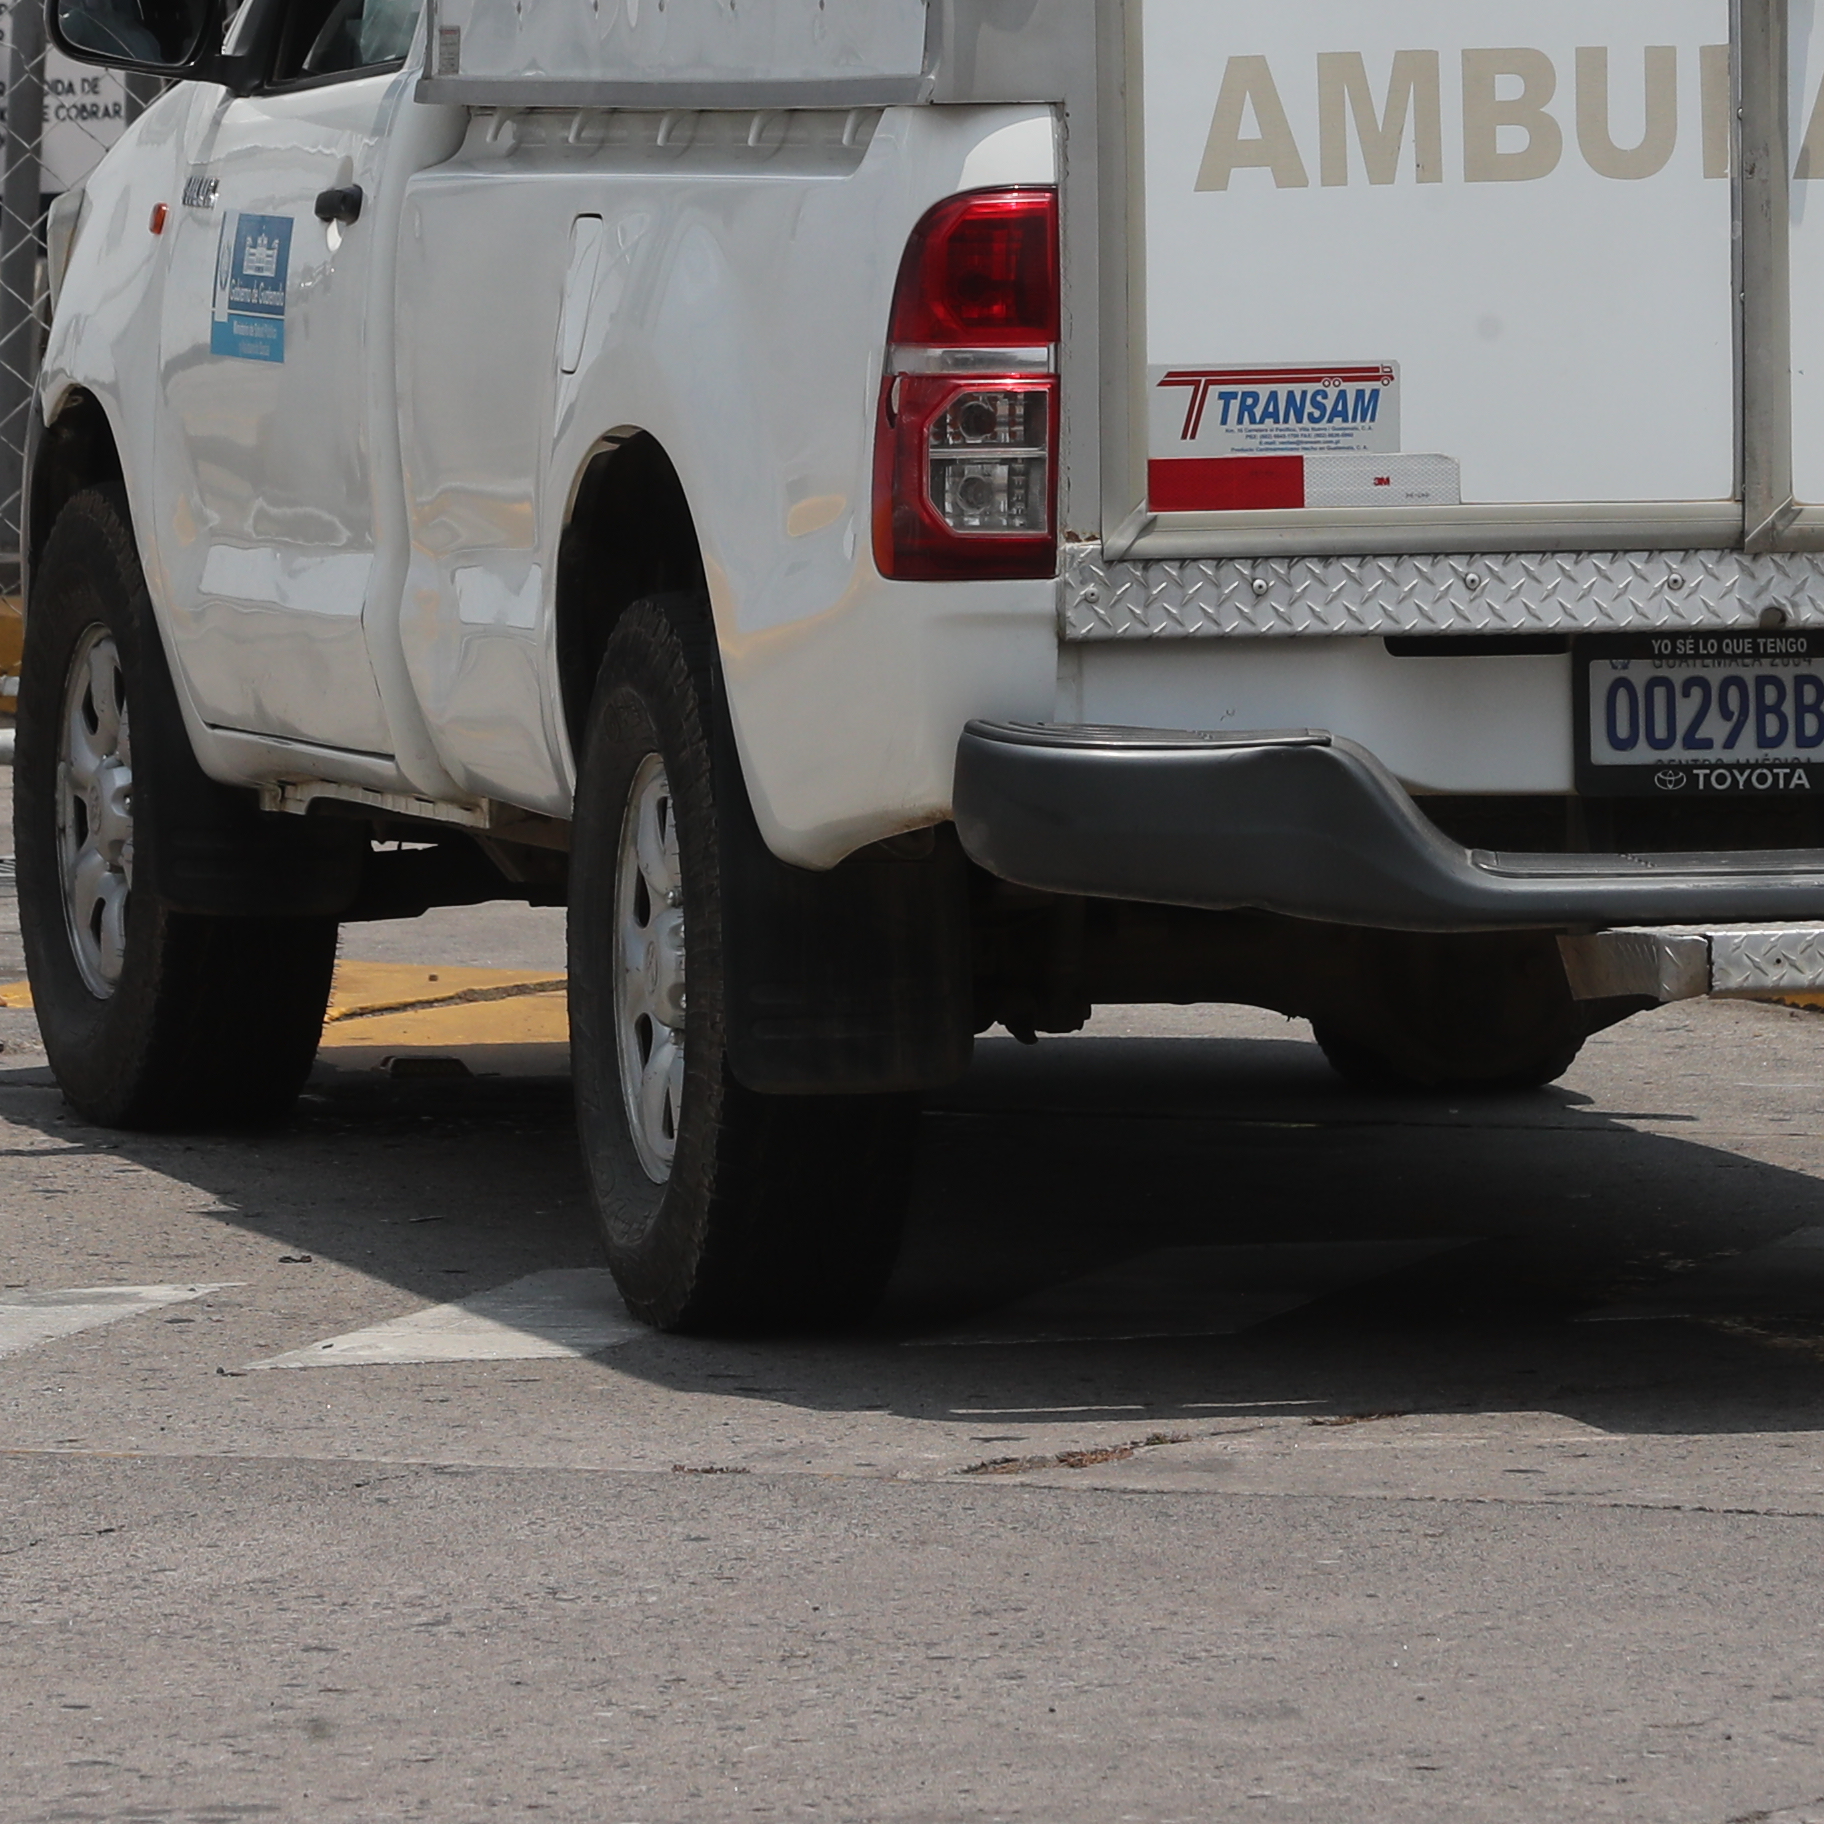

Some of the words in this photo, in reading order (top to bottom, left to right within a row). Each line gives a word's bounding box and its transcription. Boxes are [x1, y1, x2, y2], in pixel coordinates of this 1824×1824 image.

[1216, 388, 1381, 426] TRANSAM
[1373, 476, 1391, 486] 3M
[1651, 639, 1672, 654] YO
[1676, 635, 1695, 654] SÉ
[1698, 639, 1718, 654] LO
[1722, 638, 1754, 655] QUE
[1756, 637, 1808, 654] TENGO
[1692, 767, 1811, 790] TOYOTA

★ ★ ★ ★

(Task): Produce the entries above once more, exactly as given, with each picture left out.

(Written answer):
Some of the words in this photo, in reading order (top to bottom, left to right within a row). Each line gives a word's bounding box and its transcription. Boxes are [x1, y1, x2, y2], in pixel coordinates of this 1824×1824 image.

[1216, 388, 1381, 426] TRANSAM
[1373, 476, 1391, 486] 3M
[1651, 639, 1672, 654] YO
[1676, 635, 1695, 654] SÉ
[1698, 639, 1718, 654] LO
[1722, 638, 1754, 655] QUE
[1756, 637, 1808, 654] TENGO
[1692, 767, 1811, 790] TOYOTA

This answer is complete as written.